Task details: In your copy of the listing below, reproduce each word exactly and include no pictures.

Listed records:

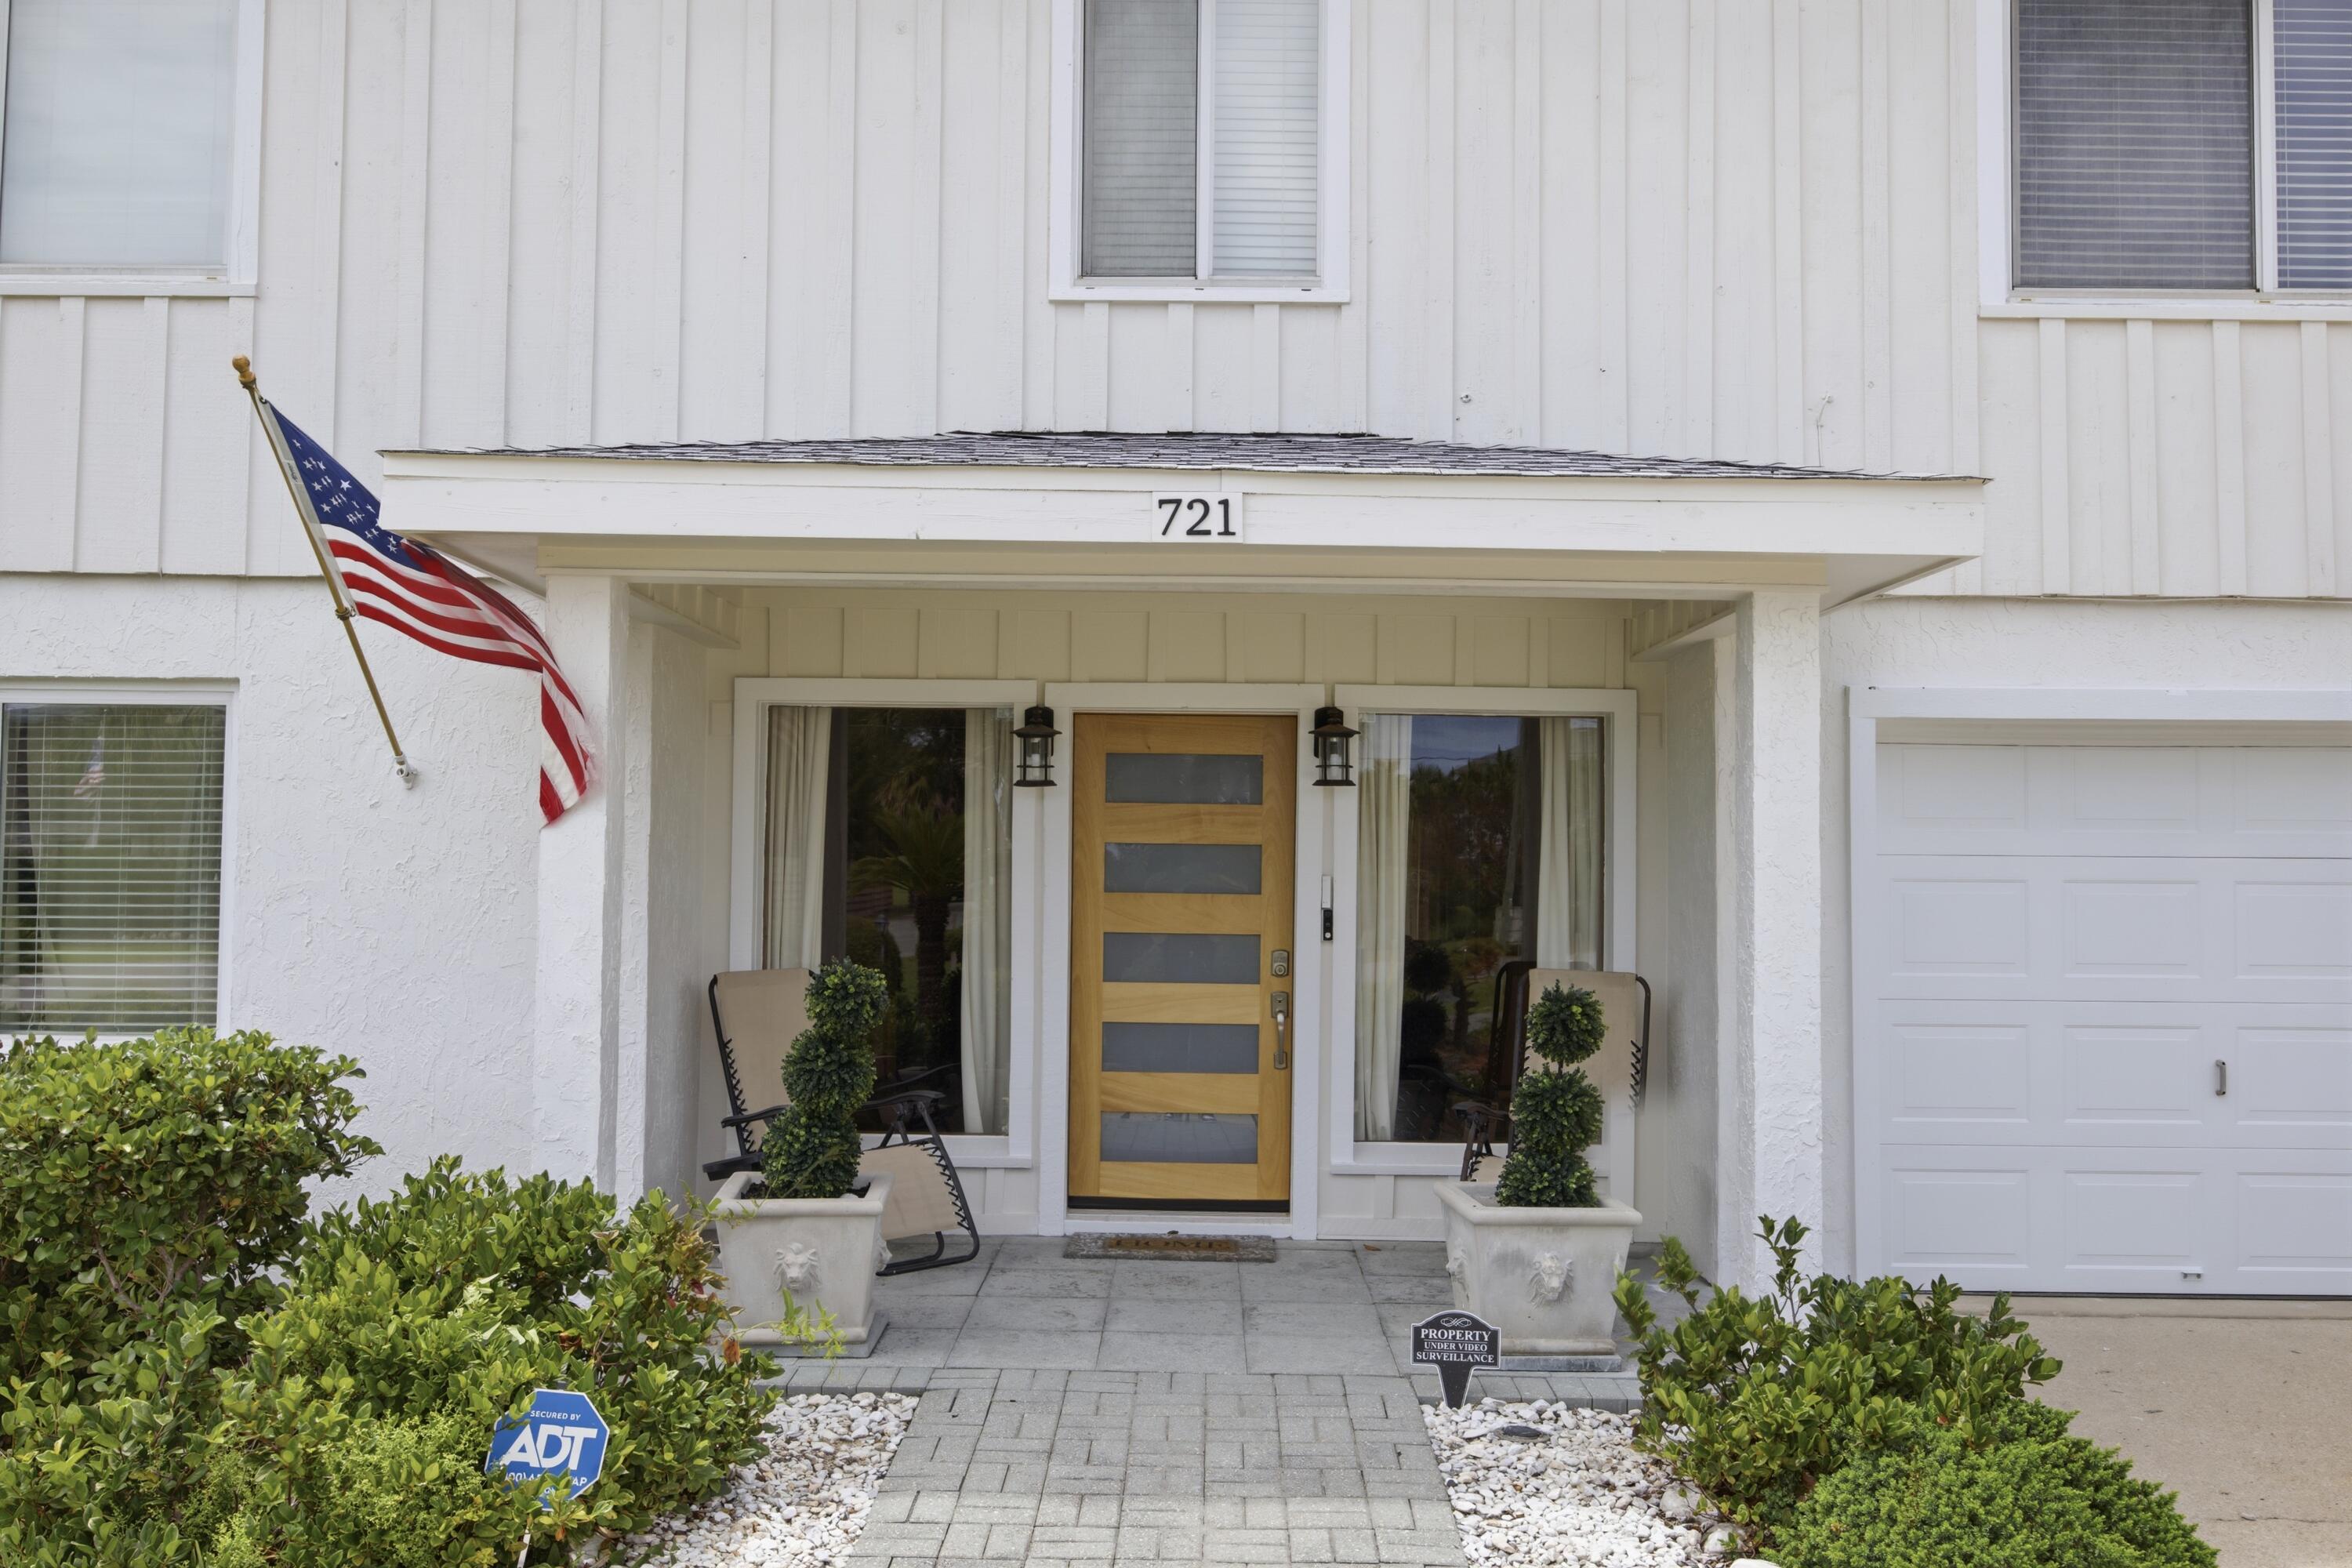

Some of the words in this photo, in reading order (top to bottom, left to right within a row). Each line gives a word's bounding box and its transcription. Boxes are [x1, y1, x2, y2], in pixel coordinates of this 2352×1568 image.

[1158, 498, 1236, 535] 721
[1420, 1328, 1491, 1341] PROPERTY
[1424, 1341, 1456, 1350] UNDER
[1457, 1343, 1487, 1352] VIDEO
[1416, 1351, 1494, 1363] SURVEILLANCE
[530, 1410, 568, 1420] SECURED
[499, 1424, 598, 1471] ADT

Reply:
Some of the words in this photo, in reading order (top to bottom, left to right within a row). Each line gives a word's bounding box and its transcription. Boxes are [x1, y1, x2, y2], in pixel coordinates of this 2352×1568 image.

[1158, 498, 1236, 535] 721
[1420, 1328, 1491, 1341] PROPERTY
[1424, 1341, 1456, 1350] UNDER
[1457, 1343, 1487, 1352] VIDEO
[1416, 1351, 1494, 1363] SURVEILLANCE
[530, 1410, 568, 1420] SECURED
[499, 1424, 598, 1471] ADT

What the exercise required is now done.